Like a 6-cylinder engine, the element of your manufacturing operation must be perfectly tuned and in sync in order to move the entire mechanism toward accomplishing any major goal. Process changes have to be decisive, exact, and rolled out with leadership buy-in in order to be successful. This is especially true when it comes to disrupting the status quo of your business. 

Straight 6 optimizes your business with actionable strategies that are expert-supported and guaranteed to smooth operations, support growth, and increase profits.

Why Straight 6 Works 

What makes Straight 6 unique among business optimization systems is the hands-on approach to implementation, supportive partnerships we create with your leaders, and our guaranteed results.

Straight 6 respects the fact that manufacturing is demandingly precise and complex by design. It also acknowledges that even talented leaders need actionable strategies and hands-on support to achieve truly audacious goals.

With the Straight 6 Model, iMpact Utah has scaled dozens of companies, increased profits by millions, eliminated waste, raised employee retention, and helped companies achieve compliance. 

What makes this mechanism so reliable? Take a peek under the hood.

Straight 6 Is More Than a Plan, It’s a Partnership 

Straight 6 is not a trickle-down system where we only work with your top execs and pray that the message reaches the front lines. Straight 6 is built on a network of one-on-one partnerships that our team members make with their leadership equivalents in your business. What you get is a hands-on, expert-supported transformation. 

Most business consultants focus on telling you what to do, but don't touch implementation. We provide boots-on-the-ground support from day one to when you see results. 

Similarly, EOS provides a framework for what to do, but Straight 6 addresses the what and the how. In manufacturing, you can't have one without the other.

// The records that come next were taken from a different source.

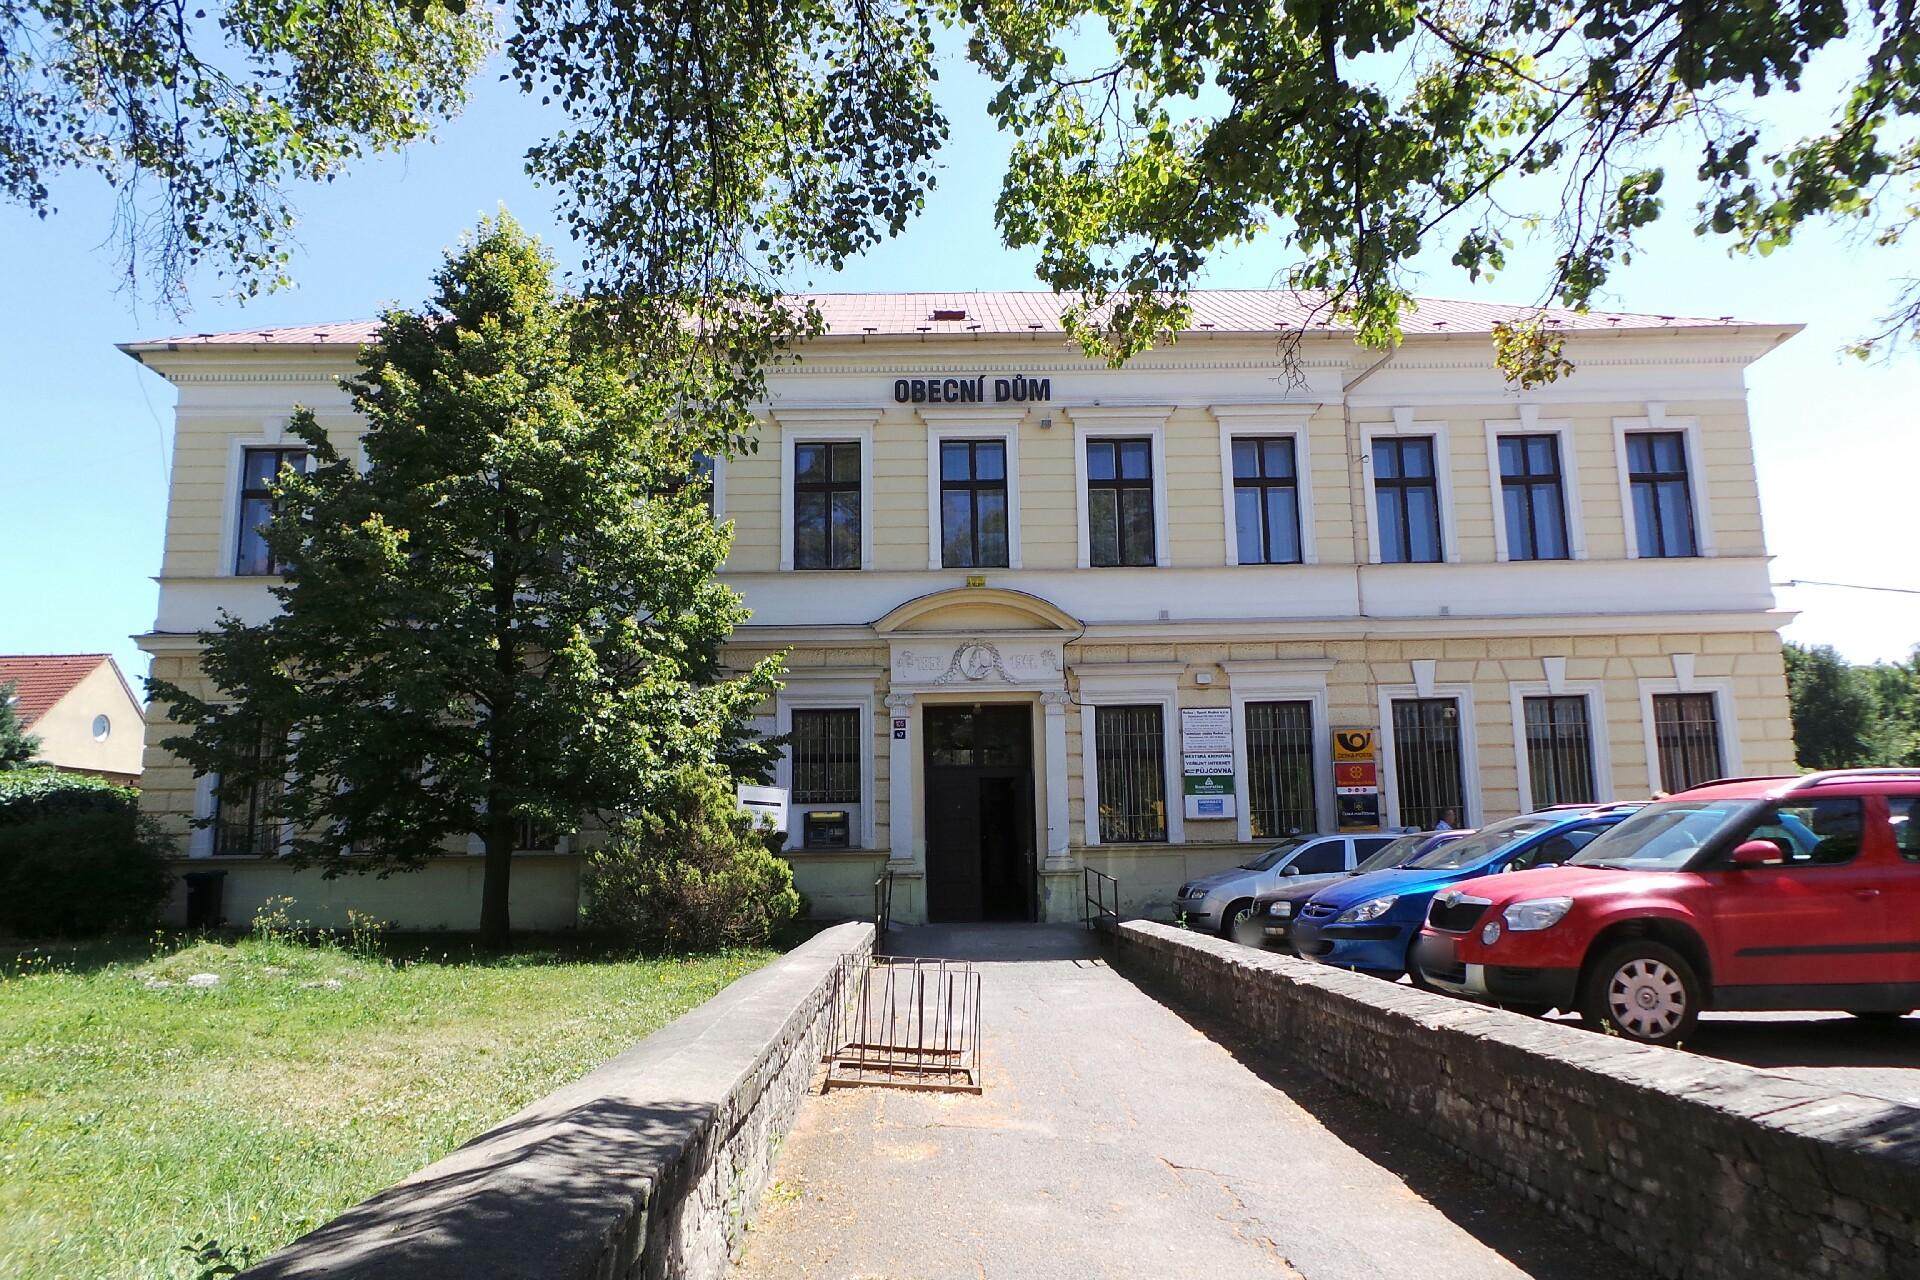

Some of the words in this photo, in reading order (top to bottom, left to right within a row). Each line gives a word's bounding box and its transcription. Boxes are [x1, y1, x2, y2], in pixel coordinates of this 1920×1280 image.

[894, 375, 986, 403] OBECNÍ
[994, 374, 1050, 402] DŮM
[1195, 766, 1232, 774] PŮJČOVNA
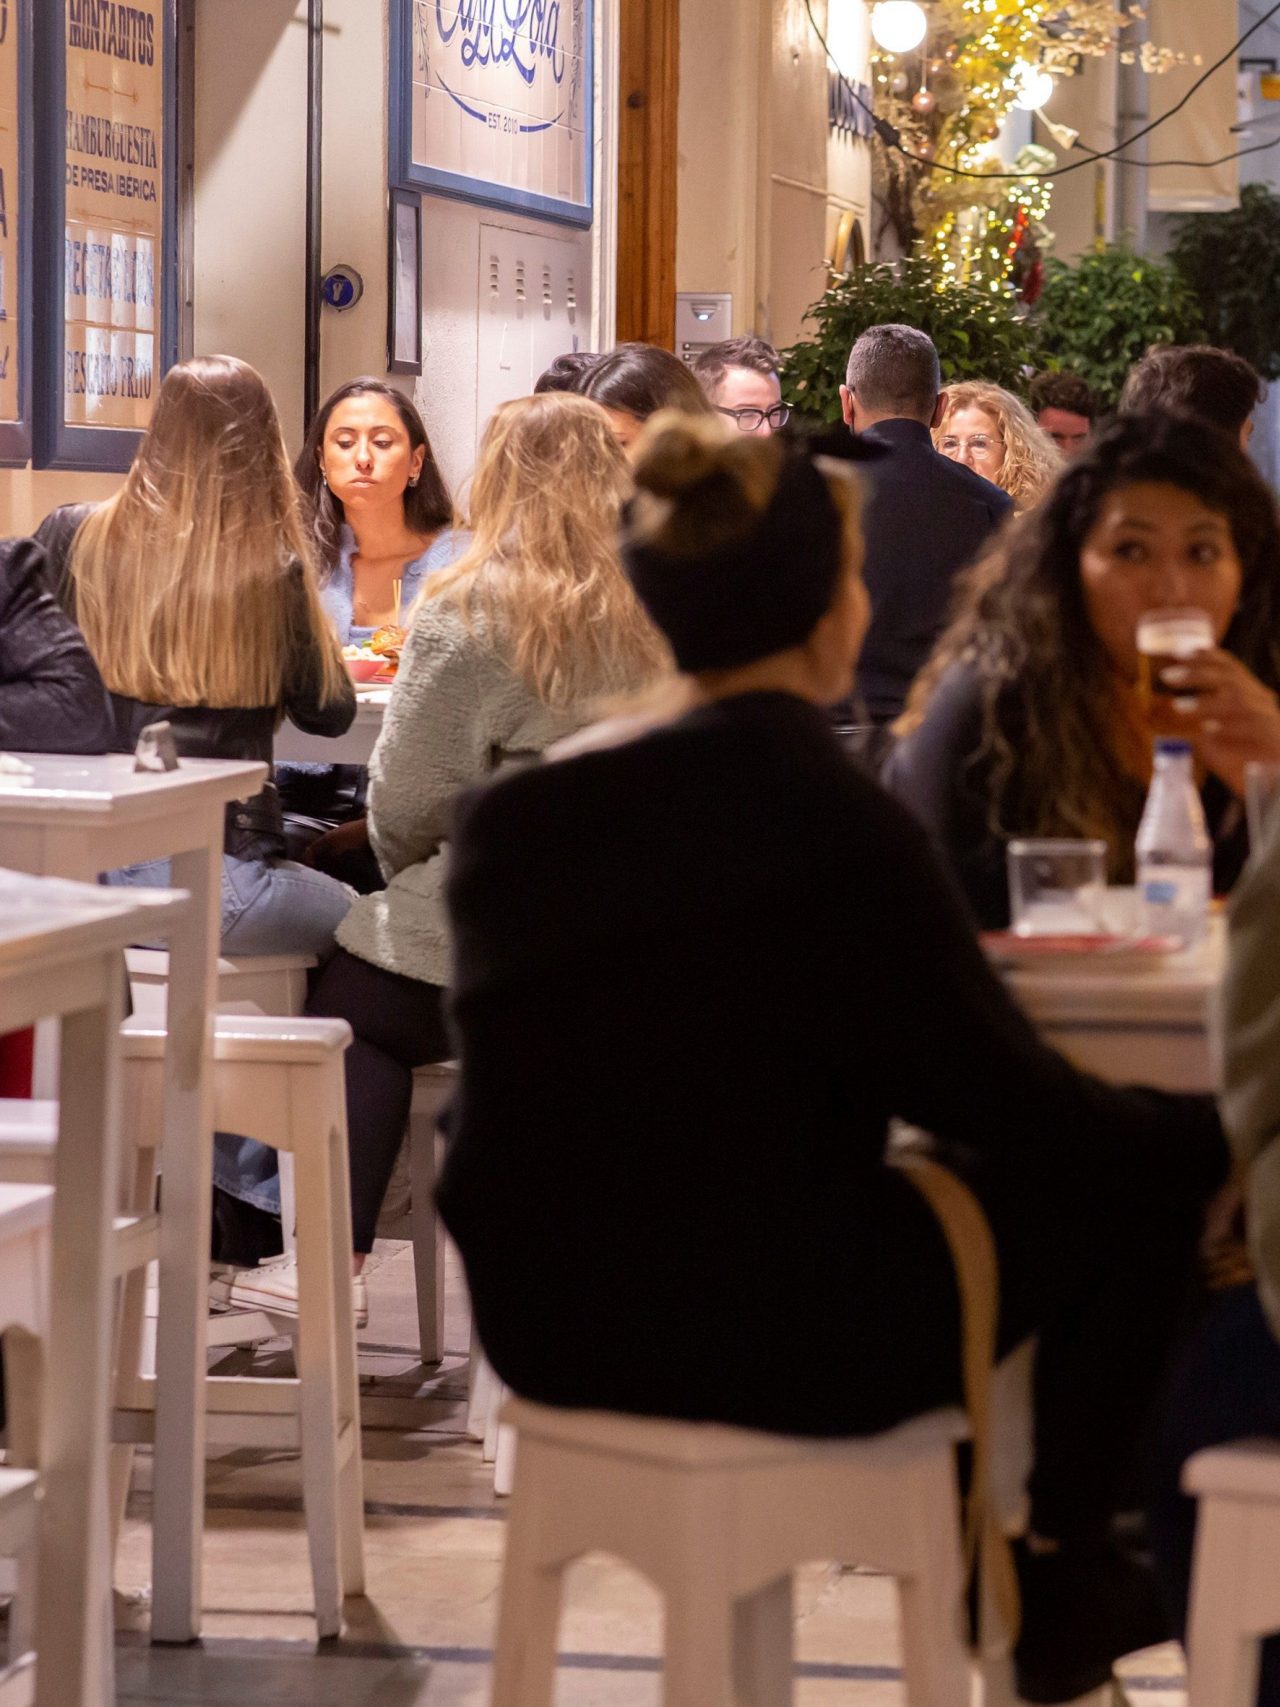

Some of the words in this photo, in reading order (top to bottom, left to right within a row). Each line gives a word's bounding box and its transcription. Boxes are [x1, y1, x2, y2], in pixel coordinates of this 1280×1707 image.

[69, 0, 154, 66] MONTADITOS
[81, 166, 115, 193] PRESA
[116, 170, 157, 202] IBÉRICA

We Take Full Responsibility for Your Results

iMpact Utah is a sub-recipient of the Utah MEP (Manufacturing Extension Partnership). We are funded by the United States government on the condition that we generate measurable profit growth in local Utah manufacturing businesses. It’s one of the most direct examples of taxpayers’ dollars directly funding industry and the local economies. (Yes, we think it’s amazing too.) 

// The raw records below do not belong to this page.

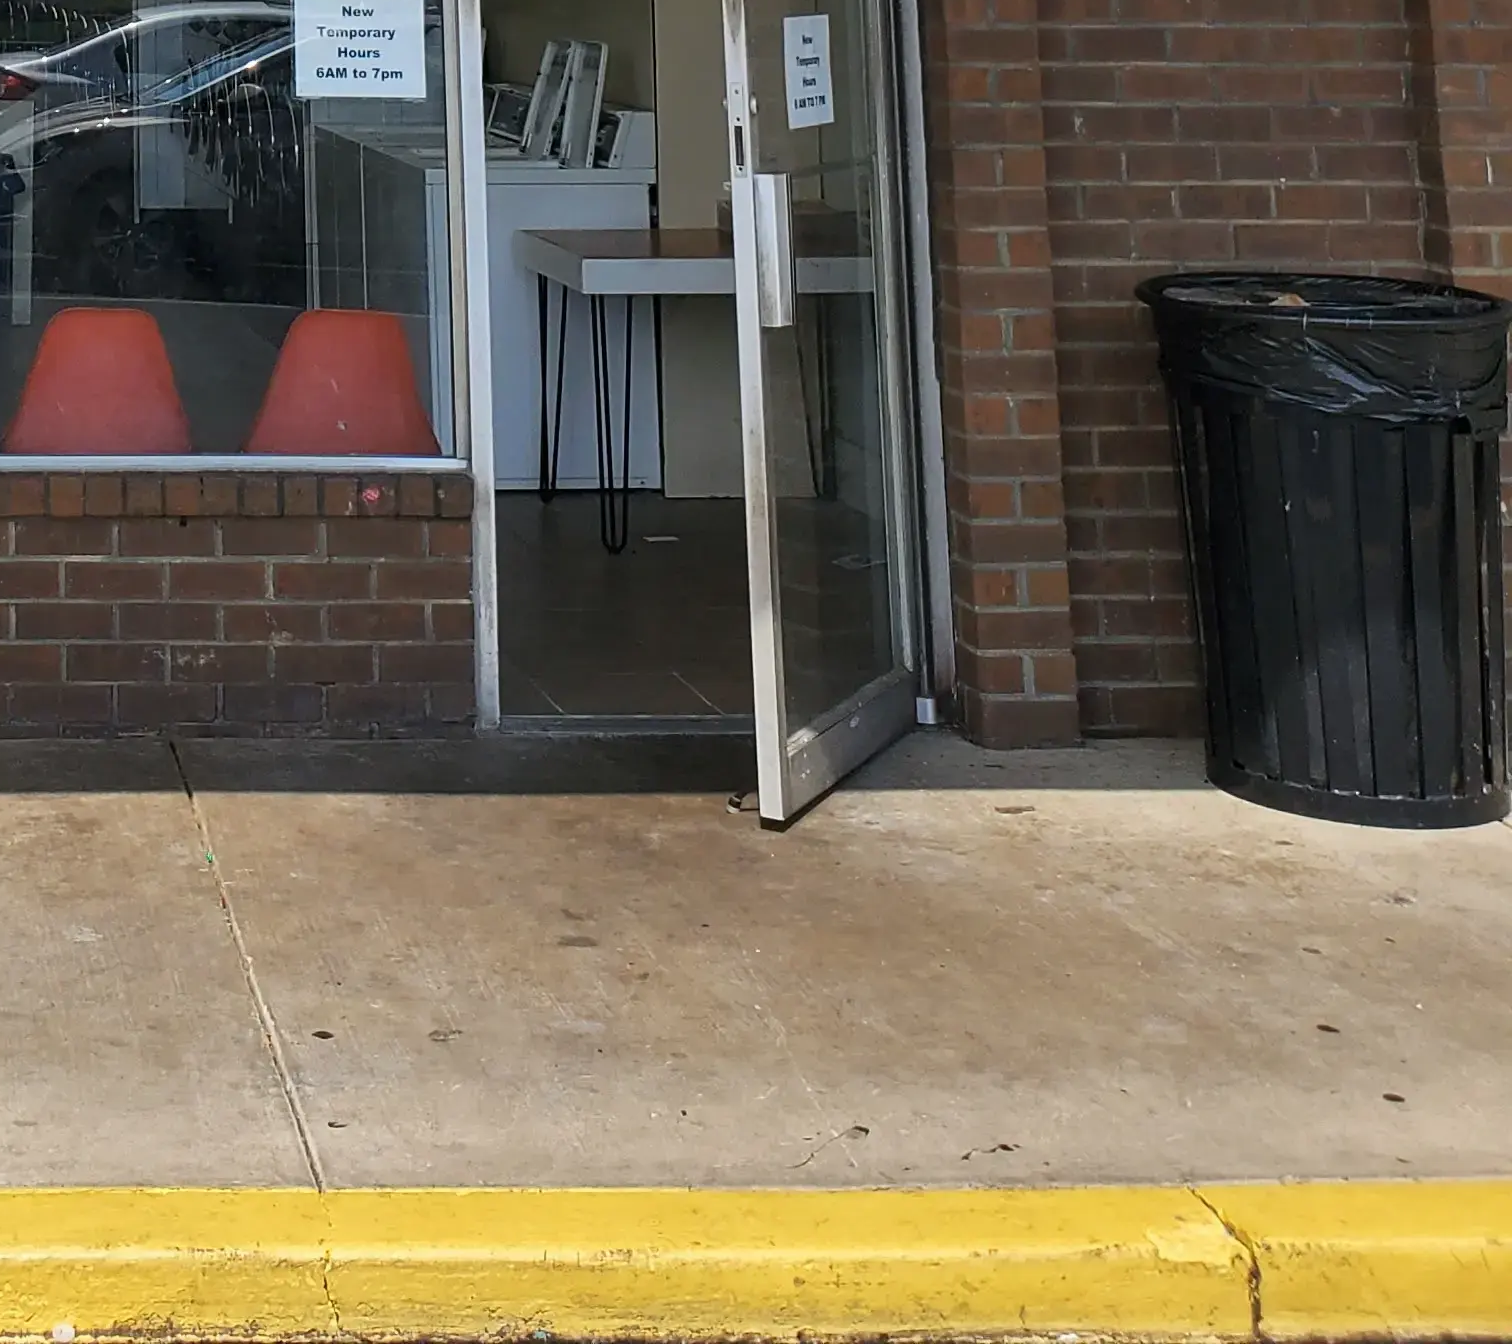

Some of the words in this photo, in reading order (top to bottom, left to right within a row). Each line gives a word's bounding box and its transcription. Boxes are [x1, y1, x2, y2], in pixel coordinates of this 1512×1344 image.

[342, 6, 374, 17] New
[316, 26, 396, 40] Temporary
[337, 47, 381, 58] Hours
[316, 67, 348, 79] 6AM
[353, 68, 367, 79] to
[372, 68, 403, 82] 7pm

This setup leaves no room for mediocre results. If we don’t produce, we don’t get funding. So you better believe we guarantee the results we promise. Our guarantee is that we will continue working at no additional charge until you achieve the results you expect.

We Put the Tools You Need in Your Hands 

Straight 6 looks at the 6 critical areas of your business and gives you strategies and tools to tune every single cylinder.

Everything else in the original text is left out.